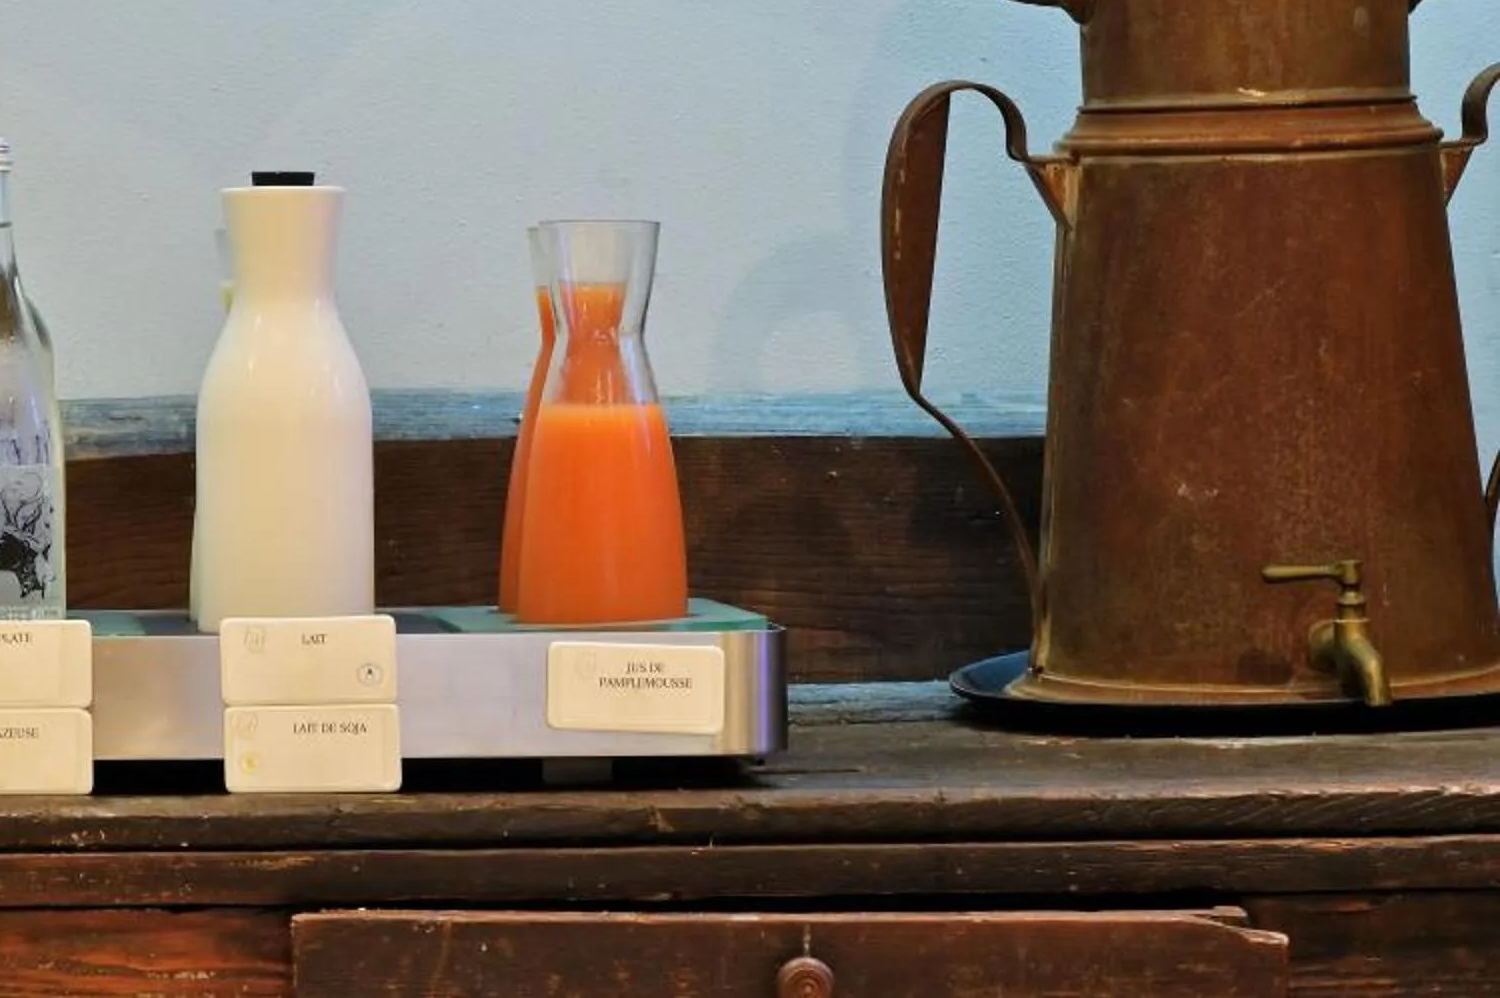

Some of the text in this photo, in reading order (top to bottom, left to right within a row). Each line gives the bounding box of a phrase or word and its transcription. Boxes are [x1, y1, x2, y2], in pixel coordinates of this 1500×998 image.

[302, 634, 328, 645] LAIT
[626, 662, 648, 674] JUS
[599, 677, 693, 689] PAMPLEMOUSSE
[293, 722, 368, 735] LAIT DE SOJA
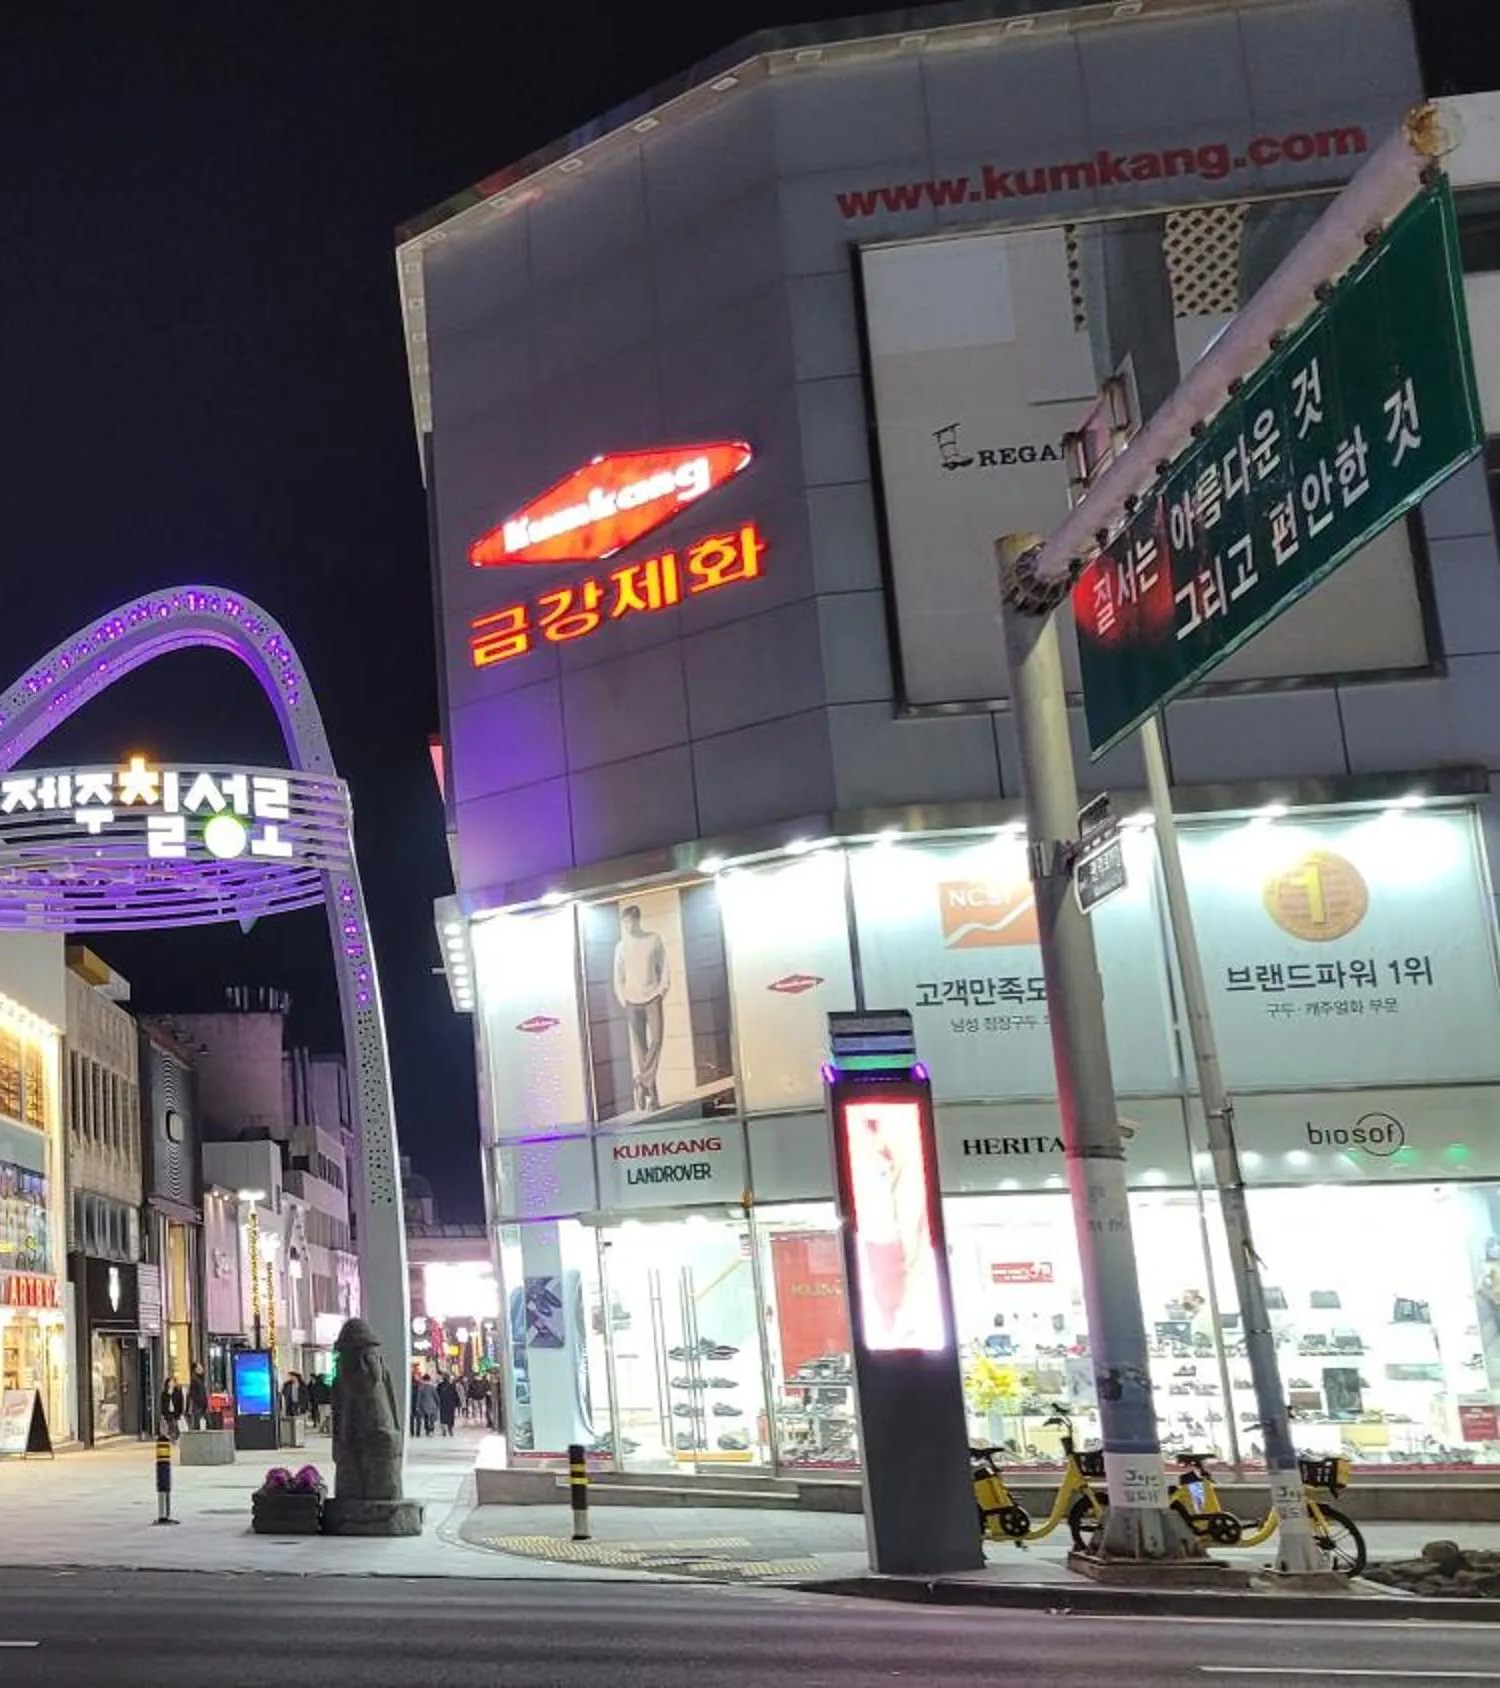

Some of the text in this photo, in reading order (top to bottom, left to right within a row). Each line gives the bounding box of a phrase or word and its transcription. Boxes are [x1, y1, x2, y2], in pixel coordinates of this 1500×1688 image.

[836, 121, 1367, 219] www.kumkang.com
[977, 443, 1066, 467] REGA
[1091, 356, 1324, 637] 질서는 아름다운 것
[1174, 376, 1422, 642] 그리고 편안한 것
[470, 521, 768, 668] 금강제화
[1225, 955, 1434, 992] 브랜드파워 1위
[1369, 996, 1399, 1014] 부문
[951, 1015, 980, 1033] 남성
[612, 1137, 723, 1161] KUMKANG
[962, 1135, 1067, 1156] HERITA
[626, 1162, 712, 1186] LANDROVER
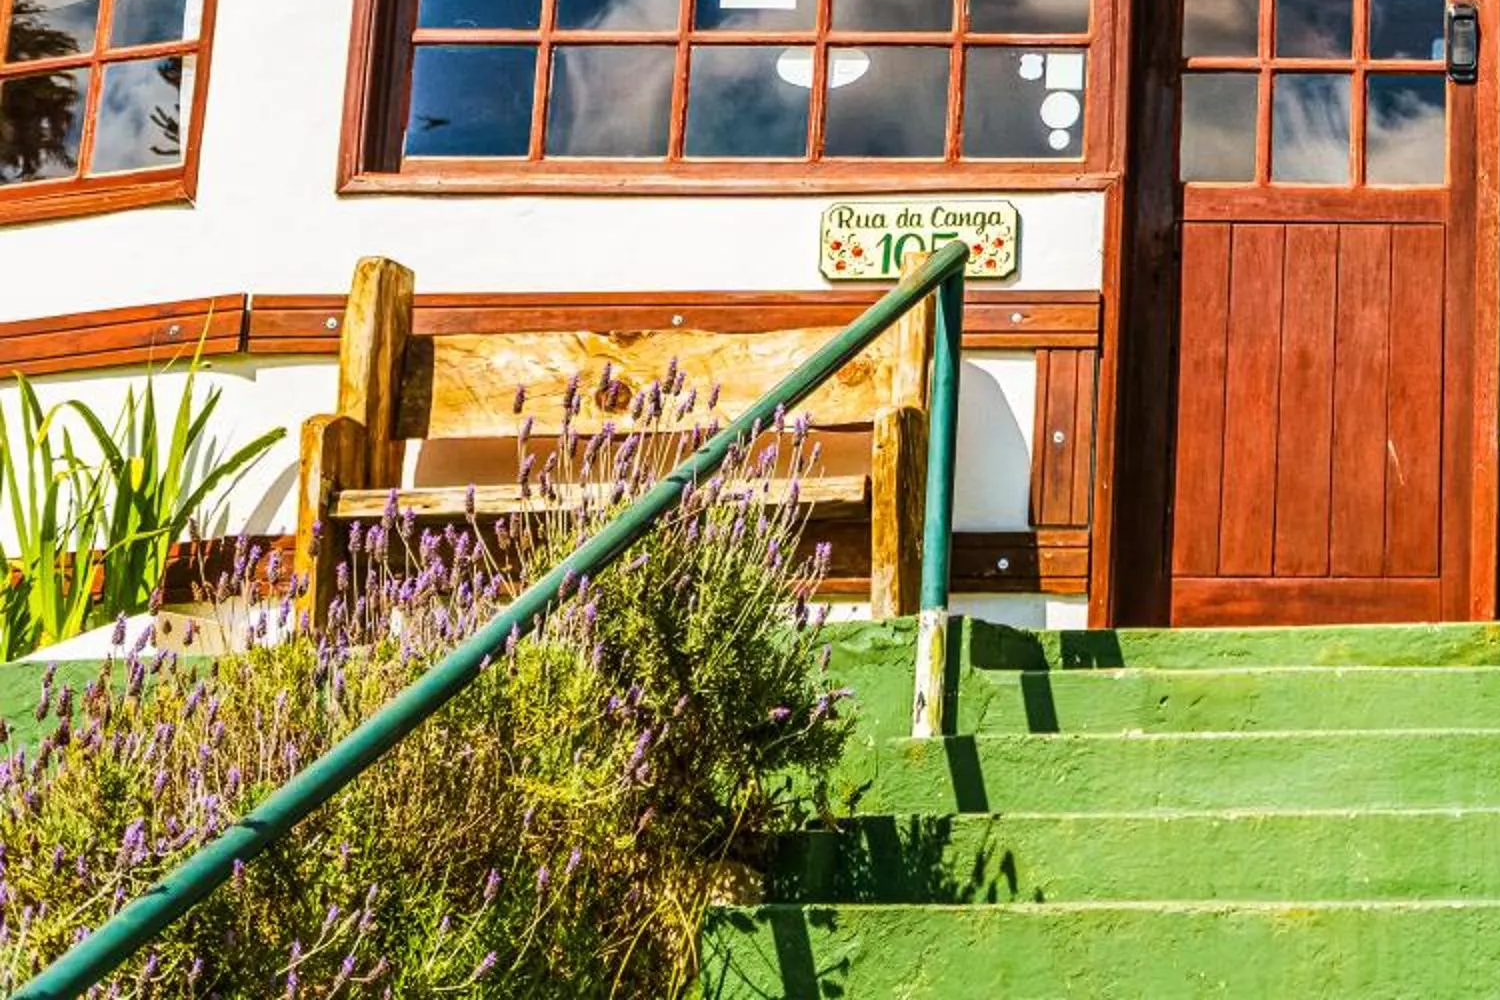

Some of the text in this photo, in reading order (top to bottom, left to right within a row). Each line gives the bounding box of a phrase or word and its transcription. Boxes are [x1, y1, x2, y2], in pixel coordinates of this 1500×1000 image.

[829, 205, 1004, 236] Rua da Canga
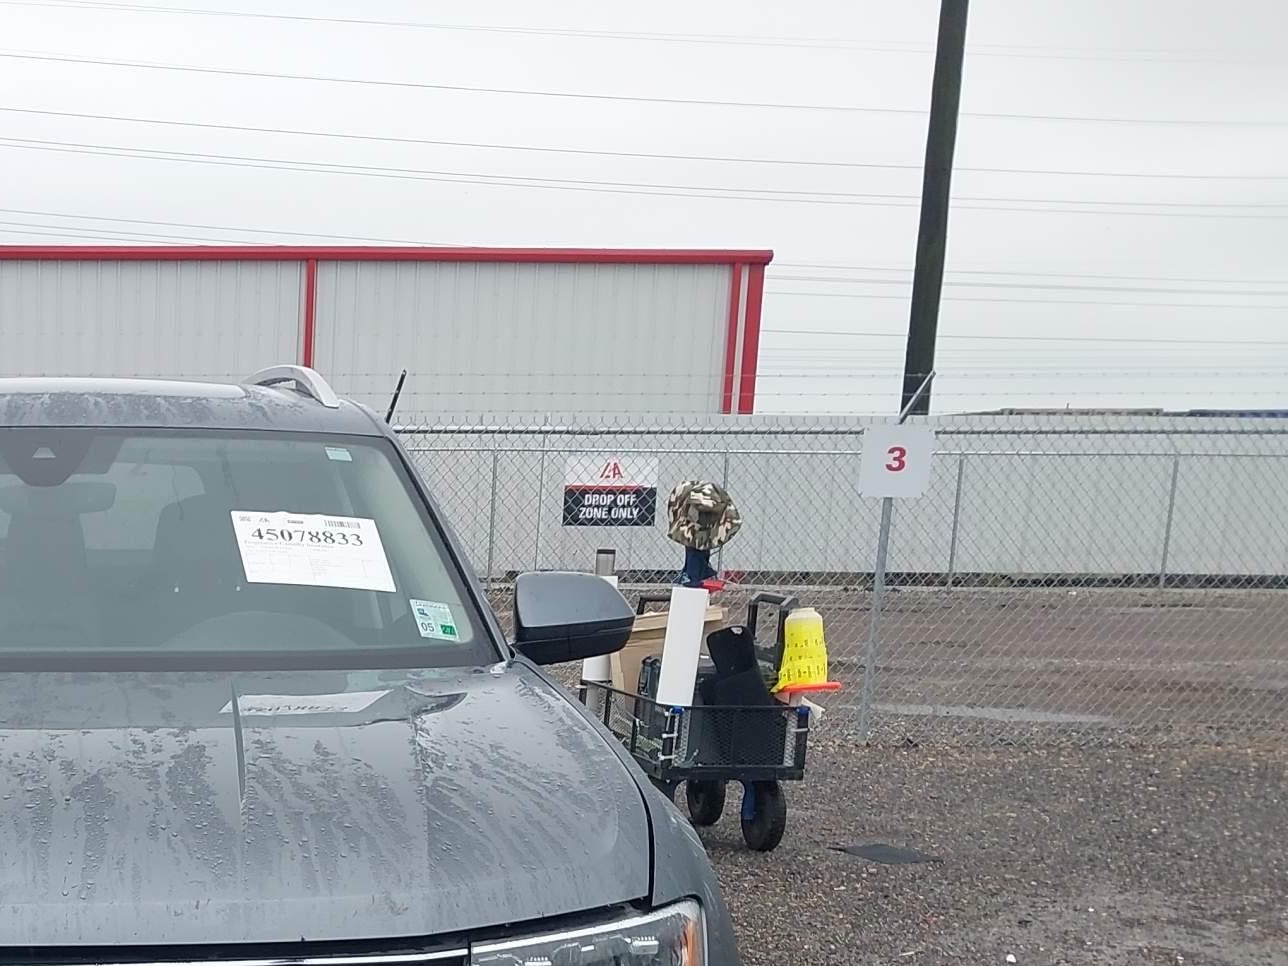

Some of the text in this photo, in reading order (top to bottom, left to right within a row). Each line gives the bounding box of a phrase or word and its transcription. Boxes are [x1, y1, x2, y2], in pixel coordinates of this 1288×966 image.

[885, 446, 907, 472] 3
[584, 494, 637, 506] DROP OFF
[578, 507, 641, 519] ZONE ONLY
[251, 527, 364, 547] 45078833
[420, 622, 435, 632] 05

#####

● **Task brief**: With the pictures omitted, the records above are to be repeated exactly.

● **Answer to the problem**:
Some of the text in this photo, in reading order (top to bottom, left to right within a row). Each line gives the bounding box of a phrase or word and its transcription. Boxes are [x1, y1, x2, y2], in pixel coordinates of this 1500×998 image.

[302, 634, 328, 645] LAIT
[626, 662, 648, 674] JUS
[599, 677, 693, 689] PAMPLEMOUSSE
[293, 722, 368, 735] LAIT DE SOJA

Some of the text in this photo, in reading order (top to bottom, left to right within a row). Each line gives the bounding box of a phrase or word and its transcription. Boxes are [x1, y1, x2, y2], in pixel coordinates of this 1500×1688 image.

[836, 121, 1367, 219] www.kumkang.com
[977, 443, 1066, 467] REGA
[1091, 356, 1324, 637] 질서는 아름다운 것
[1174, 376, 1422, 642] 그리고 편안한 것
[470, 521, 768, 668] 금강제화
[1225, 955, 1434, 992] 브랜드파워 1위
[1369, 996, 1399, 1014] 부문
[951, 1015, 980, 1033] 남성
[612, 1137, 723, 1161] KUMKANG
[962, 1135, 1067, 1156] HERITA
[626, 1162, 712, 1186] LANDROVER

Some of the text in this photo, in reading order (top to bottom, left to right within a row). Each line gives the bounding box of a phrase or word and its transcription. Boxes are [x1, y1, x2, y2], in pixel coordinates of this 1500×1000 image.

[829, 205, 1004, 236] Rua da Canga

Some of the text in this photo, in reading order (top to bottom, left to right within a row). Each line gives the bounding box of a phrase or word and its transcription. Boxes are [x1, y1, x2, y2], in pixel coordinates of this 1288×966 image.

[885, 446, 907, 472] 3
[584, 494, 637, 506] DROP OFF
[578, 507, 641, 519] ZONE ONLY
[251, 527, 364, 547] 45078833
[420, 622, 435, 632] 05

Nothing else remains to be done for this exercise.